The Forces of Darkness
There’s a firestorm raging through the blogosphere.
It really is diagnostic of which part of the blogosphere you inhabit, whether you think the subject of the firestorm is
- the President’s endorsement of Intelligent Design,
- the Strings 2005 discussion panel’s vote on the Anthropic Principle,
- or Apple’s incorporation of DRM into the MacOSX/Intel Kernel.

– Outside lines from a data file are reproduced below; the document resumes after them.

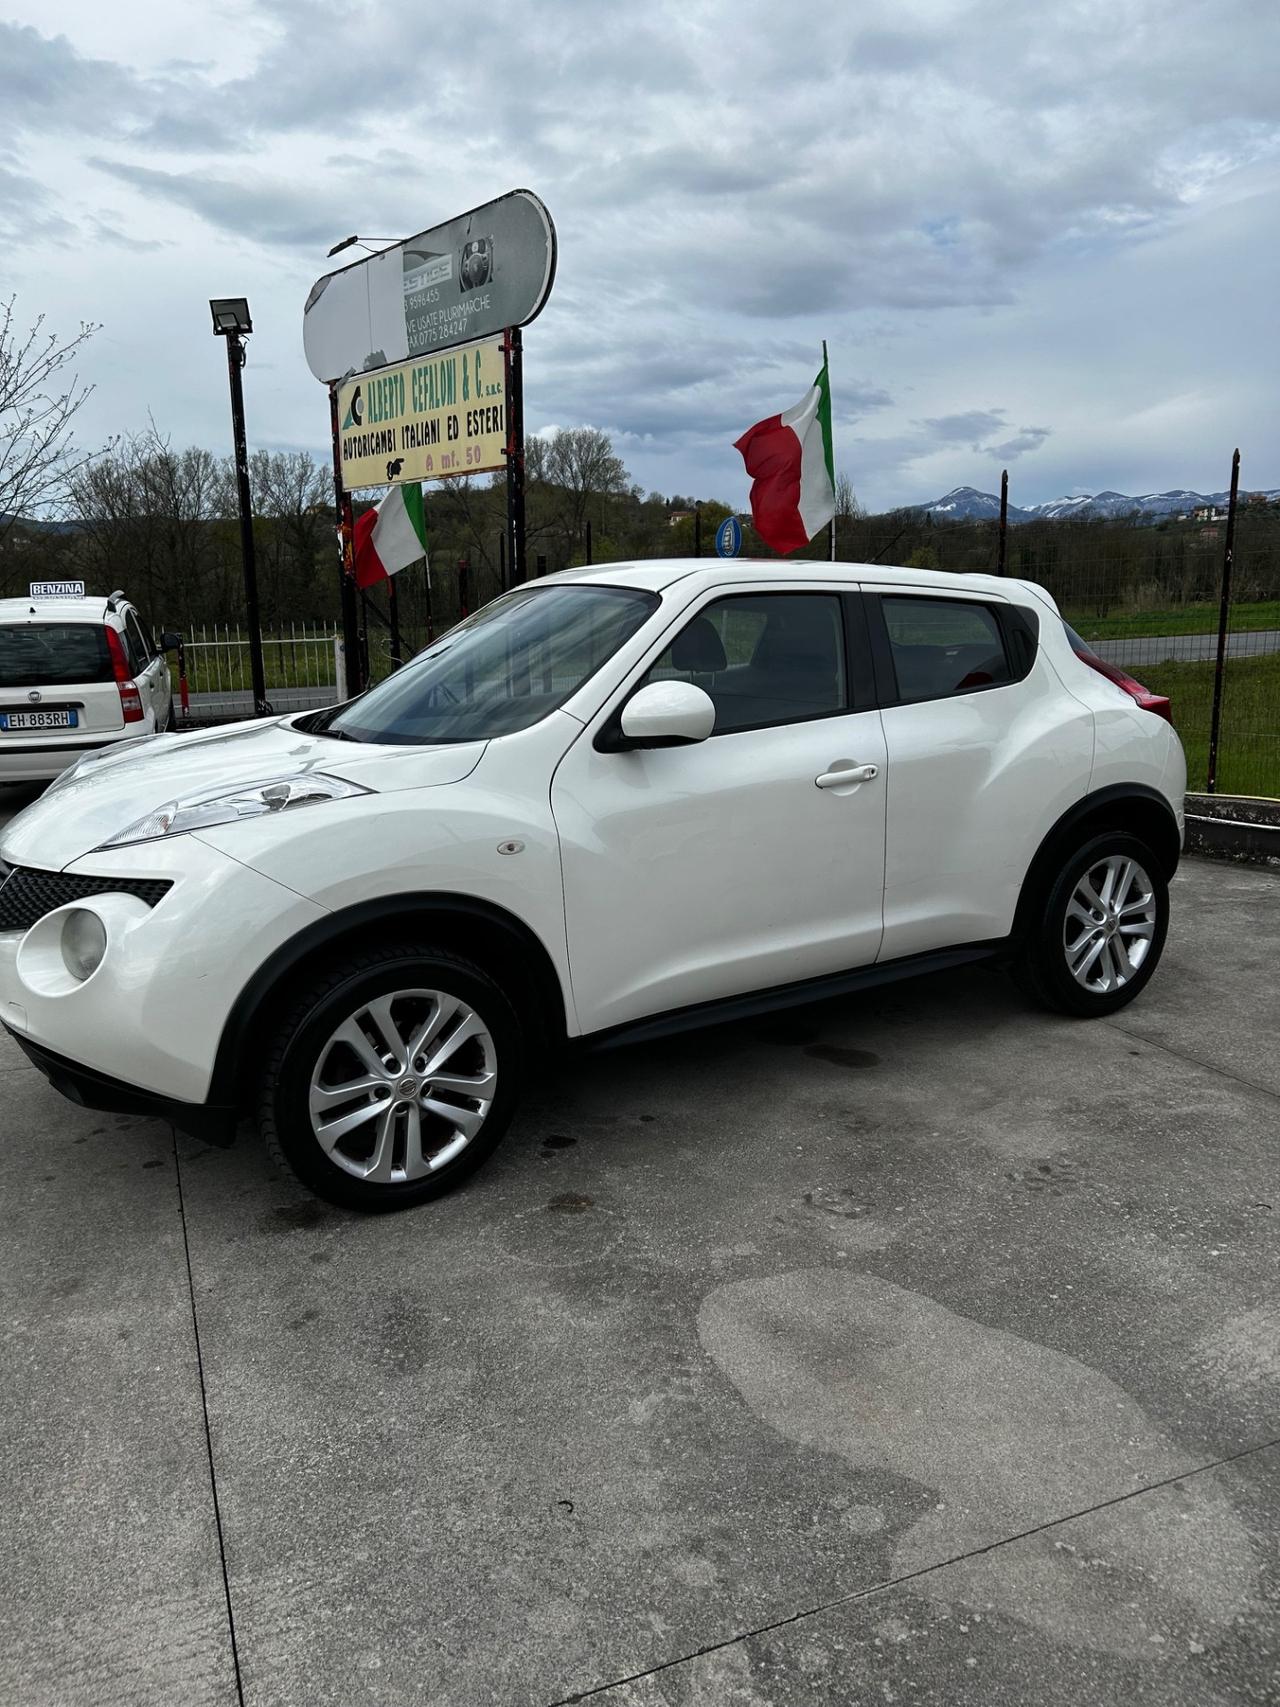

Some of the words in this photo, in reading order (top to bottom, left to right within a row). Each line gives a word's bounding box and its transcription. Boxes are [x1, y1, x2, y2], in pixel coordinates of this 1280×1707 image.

[409, 288, 440, 311] 9596455
[416, 311, 438, 330] USATE
[439, 294, 491, 323] PLURIMARCHE
[419, 328, 438, 346] 0775
[438, 318, 468, 340] 284247
[367, 372, 405, 424] ALBERTO
[412, 358, 457, 414] CEFALONI
[462, 353, 470, 402] &
[343, 428, 396, 461] AUTORICAMBI
[401, 418, 441, 450] ITALIANI
[447, 414, 459, 441] ED
[467, 404, 504, 438] ESTERI
[425, 454, 433, 471] A
[441, 450, 460, 468] mt.
[466, 445, 481, 465] 50
[32, 582, 83, 595] BENZINA
[9, 714, 26, 727] EH
[29, 711, 69, 726] 883RH

According to the folks from OSx86, who’ve been playing around with the Developer Preview Release,
- We’ve discovered that Rosetta uses TCPA/TPM DRM. Some parts of the GUI like ATSServer are still not native to x86 - meaning that Rosetta is required by the GUI, which in turn requires TPM. See the forum topic here.
- After much careful analysis of the files from the new Intel-based Macs, it would appear that SSE3 enabled processors are required to run the GUI. We are still testing this theory, though - nothing has been proven conclusively. Check out this forum thread for evidence and discussion.
Smart people, like Cory Doctorow, are up in arms, but I don’t really understand how this can succeed in the long run1.
The MacOSX Kernel is Open-Source. TPM support is provided by a kernel extension (called TPMACPI.kext
, I gather). Doubtless, when the next version of MacOSX/Darwin is released, this particular kernel extension will not be Open-Source (unlike the ones which allow Darwin to boot on generic hardware. But who cares? The API provided by this kernel extension will be easy enough to figure out, even assuming that Apple does not save you the trouble by documenting it for use by 3rd party developers. And once you know the API, writing a dummy kernel extension to mimic it on generic x86 hardware will be easy. Oh wait … you mean people are already working on that?
Maybe I’ve missed some essential point2, but I wouldn’t be surprised if a drop-in dummy .kext
, installable by end-users, is available by the time Apple starts shipping x86 Macs.
Update:
As is clear from the comments below, it’s probably not that hard, after all, for Apple to cripple the GUI on generic x86 hardware, regardless of whether the Kernel and the core OS continue to run. TPM does allow individual Applications, themselves, to authenticate the hardware. That’s all that’s required to prevent some crucial part of the GUI from running on unapproved hardware configurations. ☹1 To be clear, Doctorow’s complaints are about the evils of TC generally. In that regard, he’s surely correct. I’m talking only about the ability to boot MacOSX on generic Intel hardware.
2 A DMCA lawsuit by Apple would be one possibility I’ve neglected.
Re: The Forces of Darkness
I don’t know anything about the technical details but doesn’t DRM hardware come with secret keys on chip? In that case, any non open but essential software could check if the other side of the api knows about some private key. And that bit you cannot reverse engineer or fake.